Energy consultancy Wood Mackenzie expects output increases of 290,000 bpd.

Slower growth comes as a frenzy of deals in the region has led to tens of billions of dollars changing hands between operators that gobbled up some of the private producers that were most keen to bump output.

Publicly traded producers in recent years shifted their focus to dividends and share buybacks instead of aggressive growth after investors fled the energy sector due to years of low returns.

In 2023, some 39 private companies were acquired by public companies, Enverus data showed.

As public producers absorb private producers, the growth profiles of those assets change to focus on shareholder returns, said Jesse Jones at Energy Aspects.

"The publics are not drilling as much as they could," said Michael Oestmann, chief executive of Tall City IV, a producer based in Midland, Texas. "Their investors now require a certain amount of cash be returned to them instead of invested in new drilling."

Vital Energy last year acquired Tall City, then called Tall City Property Holdings III, as part of a larger $1.17 billion deal.

Although deal-making in the oil patch is anticipated to slow in 2024, a few private operators could still be swept up, according to Enverus. Privately owned Endeavor Energy, which produces some 400,000 barrels of oil and gas per day in Texas, is up for sale for about $30 billion, Reuters reported in December.

Activity Slows

The oil rig count in the Permian dropped to 311 in December, compared with 350 the year prior, according to EIA data. Year-to-date privately run rigs dropped 17%, compared with an 11% decline in rigs for public companies, data from energy consultancy Enverus showed.

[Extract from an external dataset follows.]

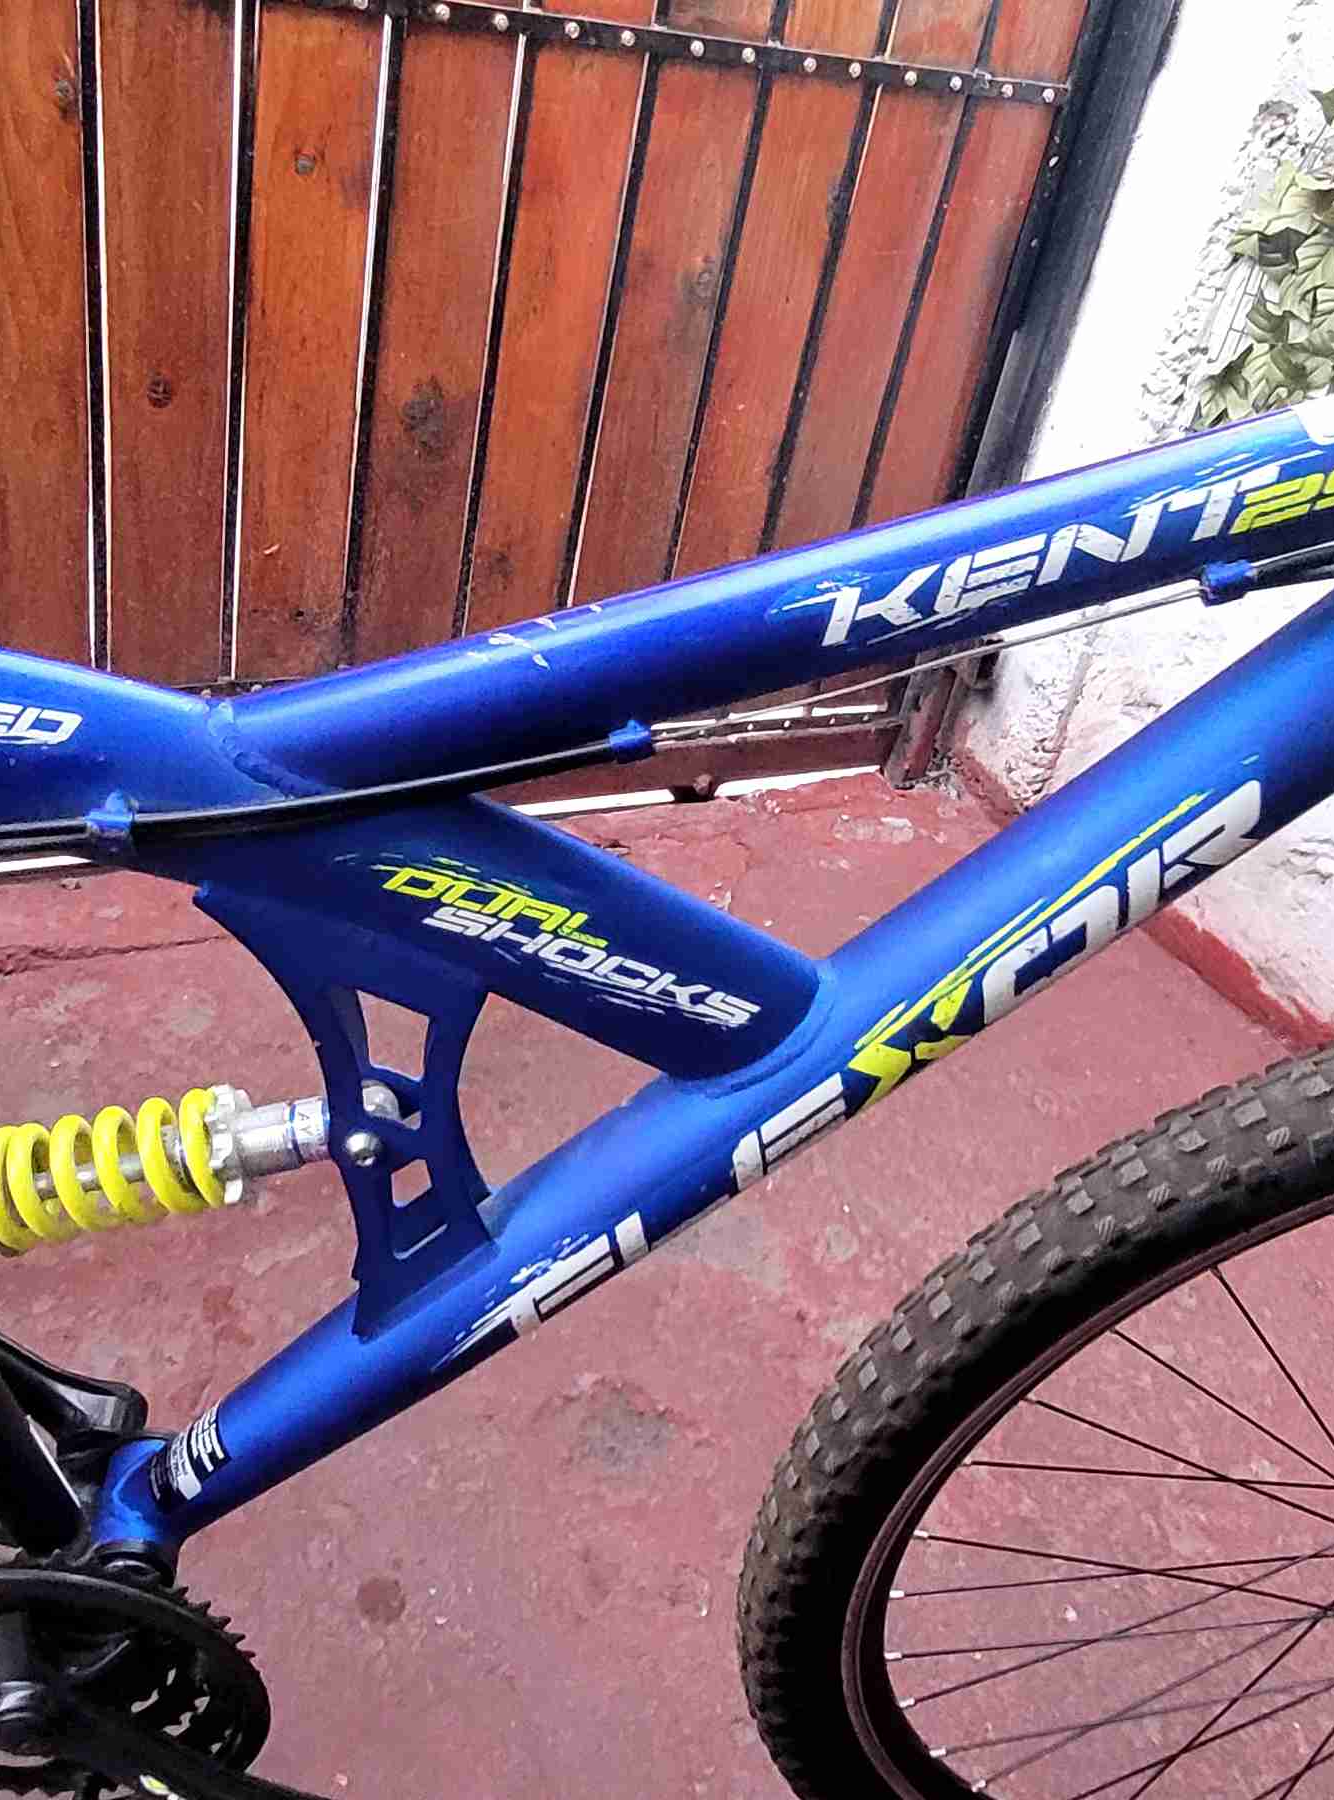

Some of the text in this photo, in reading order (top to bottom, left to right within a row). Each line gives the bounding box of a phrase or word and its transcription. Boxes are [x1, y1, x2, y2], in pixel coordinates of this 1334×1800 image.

Tall City was running a drilling rig at the time of the acquisition but dropped it when the deal closed, Oestmann said.

"It will likely be late 2024 or 2025 before we add a rig," Oestmann said.

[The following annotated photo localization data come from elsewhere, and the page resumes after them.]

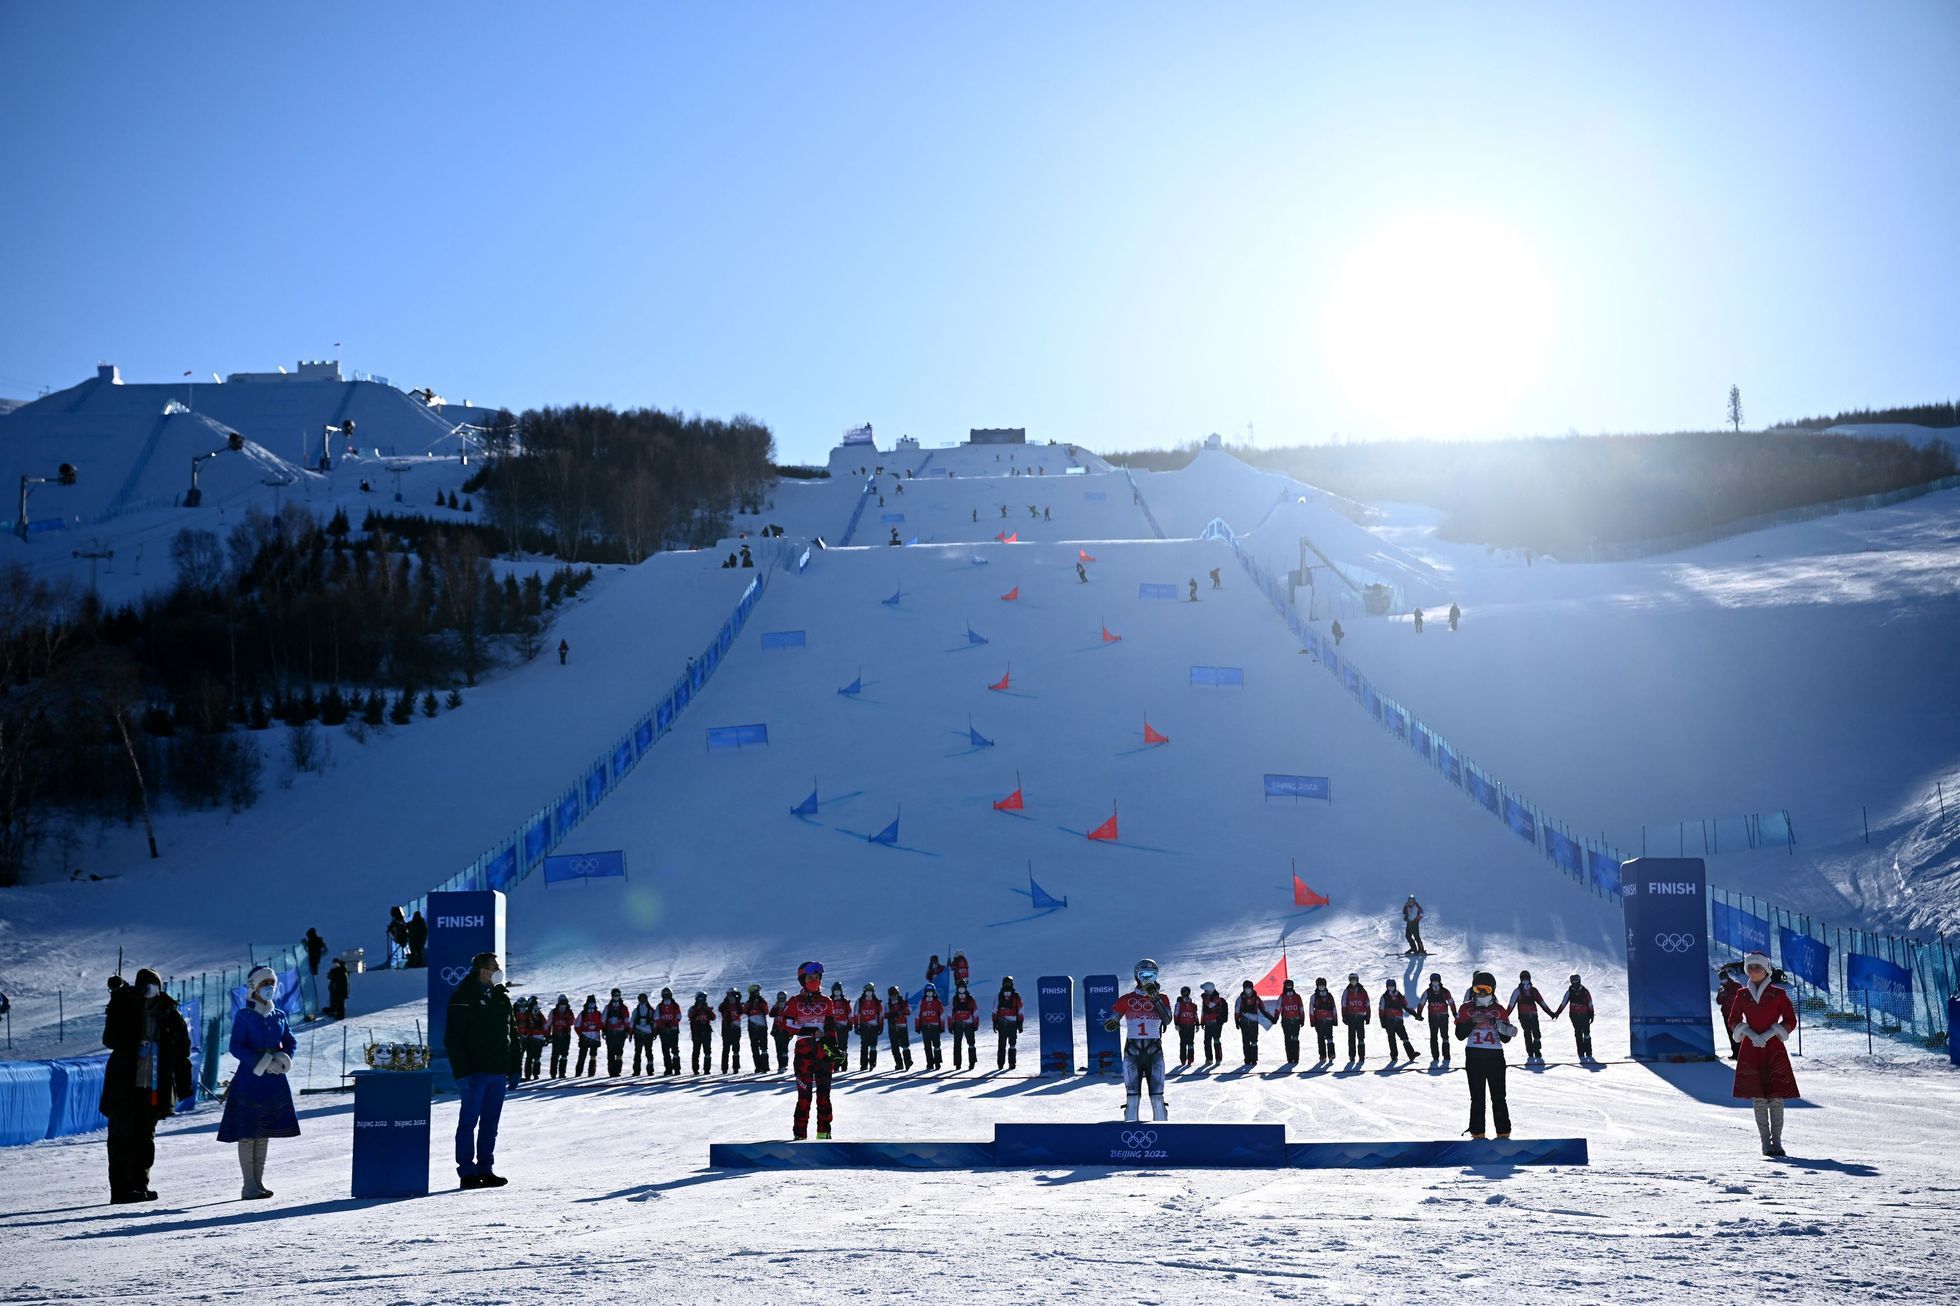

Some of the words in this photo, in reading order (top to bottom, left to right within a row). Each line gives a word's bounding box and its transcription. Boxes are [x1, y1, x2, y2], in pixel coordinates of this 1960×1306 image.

[1623, 883, 1637, 897] FINISH
[1648, 882, 1696, 895] FINISH
[437, 915, 484, 928] FINISH
[1042, 987, 1067, 995] FINISH
[1089, 986, 1114, 994] FINISH
[1137, 1022, 1148, 1036] 1
[1473, 1031, 1496, 1045] 14
[356, 1120, 374, 1128] BEIJING
[374, 1120, 388, 1128] 2022
[394, 1120, 412, 1128] BEIJING
[1110, 1150, 1142, 1160] BEIJING
[1143, 1150, 1169, 1158] 2022

There are other signs that overall activity is on track to slow this year. The U.S. frac spread count - which measures the number of active hydraulic fracturing fleets - totaled 250 most recently, down by 20 from last year, according to data from Primary Vision.

With U.S. West Texas Intermediate oil prices trading just below $74 a barrel on Wednesday, the potential profits for following an aggressive growth strategy are limited, said Alexandre Ramos-Peon, head of shale research at Rystad.

"It all ties down to the industry being less interested in growth, and more in generating positive cash flows, which they have now done successfully for a few years," he said.

Oil production in the federal Gulf of Mexico is expected to rise to 1.94 million bpd in 2024, up 70,000 bpd from 2023, EIA data showed.